659 N.E.2d 353, 103 Ohio App. 3d 292, 1995 Ohio App. LEXIS 1897
CourtOhio Court of Appeals
DecidedMay 8, 1995
DocketNo. CA93-11-083.
StatusPublished
Cited by8 cases

This text of 659 N.E.2d 353 (Jurgens Real Estate Co. v. R.E.D. Construction Corp.) is published on Counsel Stack Legal Research, covering Ohio Court of Appeals primary law. Counsel Stack provides free access to over 12 million legal documents including statutes, case law, regulations, and constitutions.

Bluebook
Jurgens Real Estate Co. v. R.E.D. Construction Corp., 659 N.E.2d 353, 103 Ohio App. 3d 292, 1995 Ohio App. LEXIS 1897 (Ohio Ct. App. 1995).

Opinions

[EDITORS' NOTE: THIS PAGE CONTAINS HEADNOTES. HEADNOTES ARE NOT AN OFFICIAL PRODUCT OF THE COURT, THEREFORE THEY ARE NOT DISPLAYED.] *Page 294 This appeal is from judgments entered by the Clermont County Court of Common Pleas upon the verdicts of a jury in actions claiming damages for the alleged faulty construction of a three-building complex known as Eastgate Commercial Park.

Prior to the construction of the three-building complex, the planned development was divided into three phases for construction purposes, and separate bids were taken for each phase of the project. Subsequently, the bid of R.E.D. Construction Corporation was accepted for all three phases, and separate contracts dated August 4, 1989 were entered into for each phase of the project. At the time, Stanford Joseph was the architect of record who had prepared the plans and specifications for the construction of all three buildings, but he maintained that his contract only required the preparation of permit drawings.

On September 3, 1991, plaintiff, Jurgens Real Estate Company, initiated these proceedings when it filed a complaint against defendants, R.E.D. Construction Corporation and Stanford Joseph, seeking damages relative to the construction of an office warehouse building ("Phase II"), and on April 3, 1992, R.E.D. Construction Corporation commenced an action against Eastgate Development Partnership and Stanford Joseph relative to the construction of an office warehouse *Page 295 building ("Phase I") and a public storage rental building ("Phase III"). Thereafter, on June 15, 1992, the two cases were consolidated, with various claims and counterclaims being asserted among the various parties to the actions, and the cause came on to be heard by jury on September 14, 1993.

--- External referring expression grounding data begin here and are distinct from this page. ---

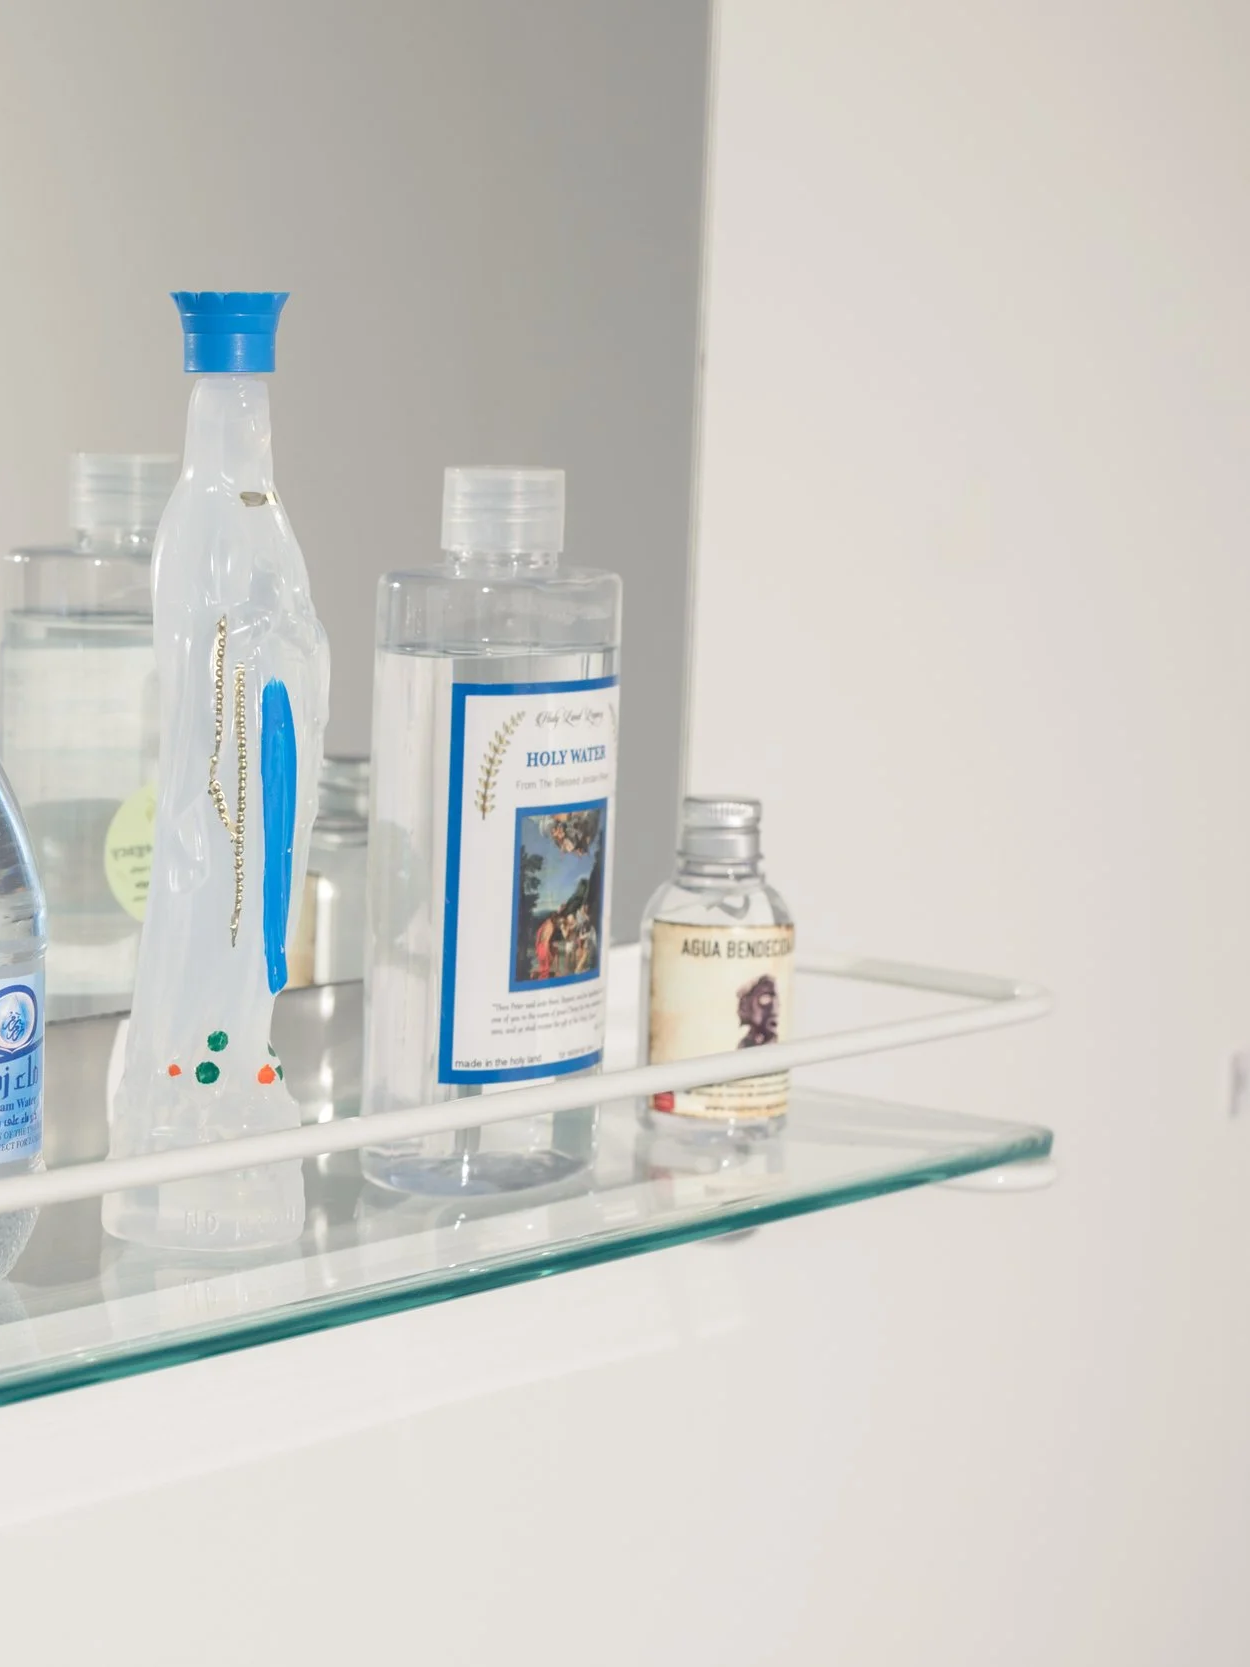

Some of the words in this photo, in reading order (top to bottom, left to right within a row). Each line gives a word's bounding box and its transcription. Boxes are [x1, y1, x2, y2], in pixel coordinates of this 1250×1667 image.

[526, 751, 568, 768] HOLY
[570, 745, 606, 764] WATER
[515, 779, 537, 791] From
[681, 938, 720, 958] AGUA
[454, 1057, 483, 1068] made
[485, 1057, 494, 1068] in
[494, 1055, 509, 1068] the
[509, 1055, 527, 1068] holy
[2, 1127, 13, 1139] OF
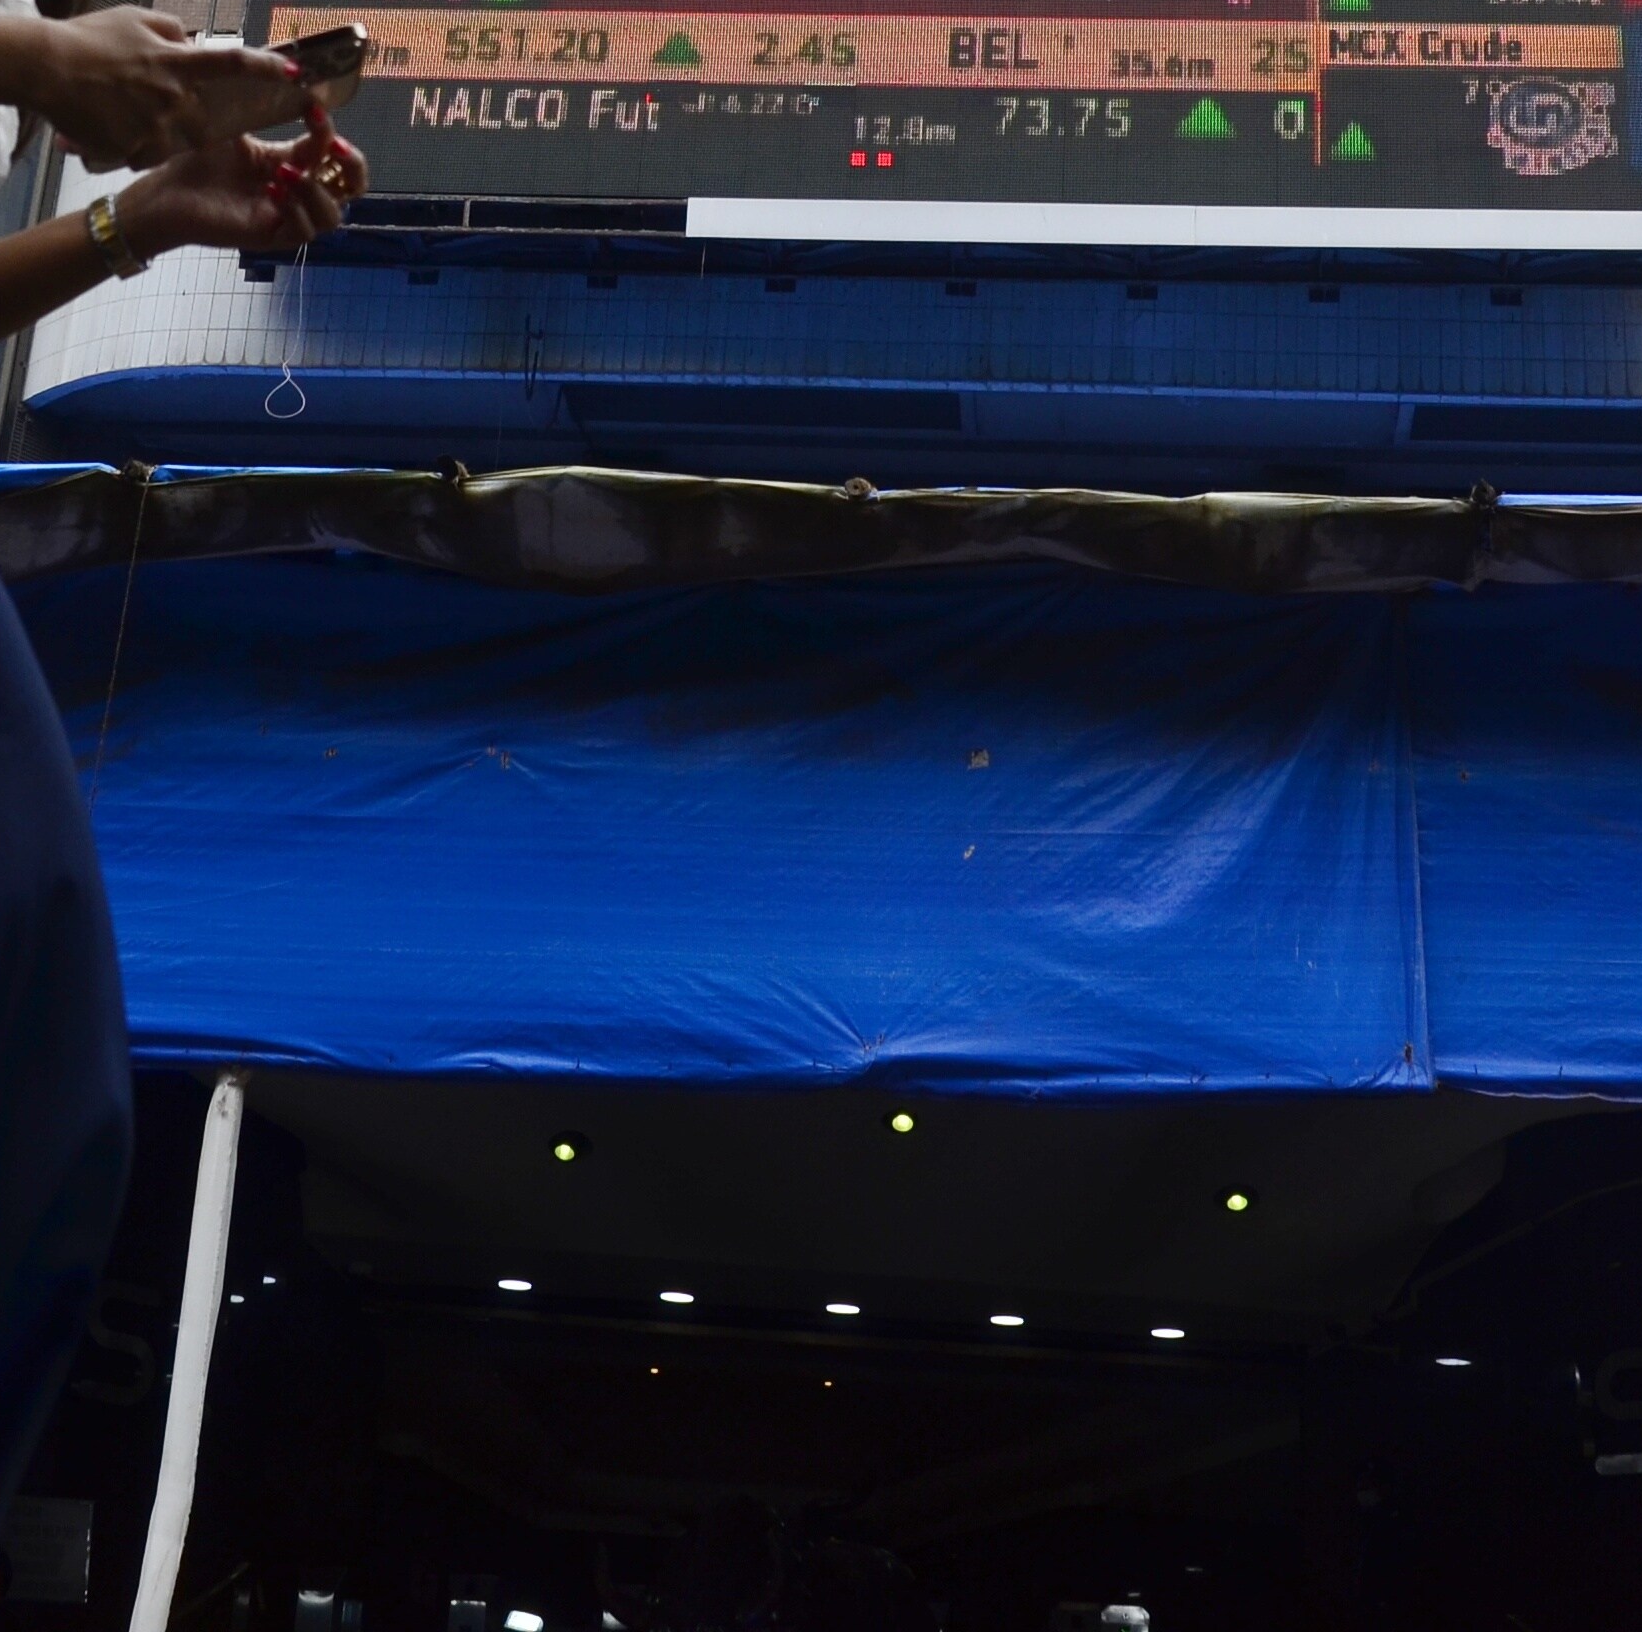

After a lengthy trial, the jury returned its verdict on October 1, 1993. As to Phase I, the jury found against Eastgate upon its claim against R.E.D. and Joseph, and for R.E.D. and against Eastgate in the amount of $19,892. As to Phase II, the jury found against Jurgens upon its claim against R.E.D. and Joseph, and for R.E.D. and against Jurgens in the amount of $121,463. As to Phase III, the jury found in favor of R.E.D. and against Eastgate in the amount of $122,650, and for Eastgate and against R.E.D. and Joseph in the amount of $30,000. Subsequently, posttrial motions filed by Jurgens and Eastgate were overruled, and both have appealed to this court pursuant to a notice of appeal filed on November 29, 1993.

In this court, appellants, Jurgens and Eastgate, have set forth six assignments of error, the first of which has been stated as follows:

"The trial court erred to the prejudice of appellants by refusing to instruct the jury on the issue of appellees' negligence and apportionment of negligence among them."

In the trial court, appellants argued that they were entitled to jury instructions on both breach of contract and comparative negligence, whereas appellees argued that their only duties in this case arose from their contractual obligations. Subsequently, the trial court confined its instruction to the law applicable to the contracts entered into by the parties to the actions.

In support of their respective positions, both appellants and appellees have submitted numerous cases, but upon analysis, none of such cases appear to have any more than peripheral application to the particular facts of this case. Here, a strict adherence to the request for a charge on comparative negligence would immediately introduce the possibility of overemphasis and/or double recovery. Moreover, such a charge, in fairness to all, would have to be framed to include the comparative negligence of appellants as well as both appellees. Furthermore, a proper charge on comparative negligence would tend to obscure the rights and duties specifically outlined in the written contracts.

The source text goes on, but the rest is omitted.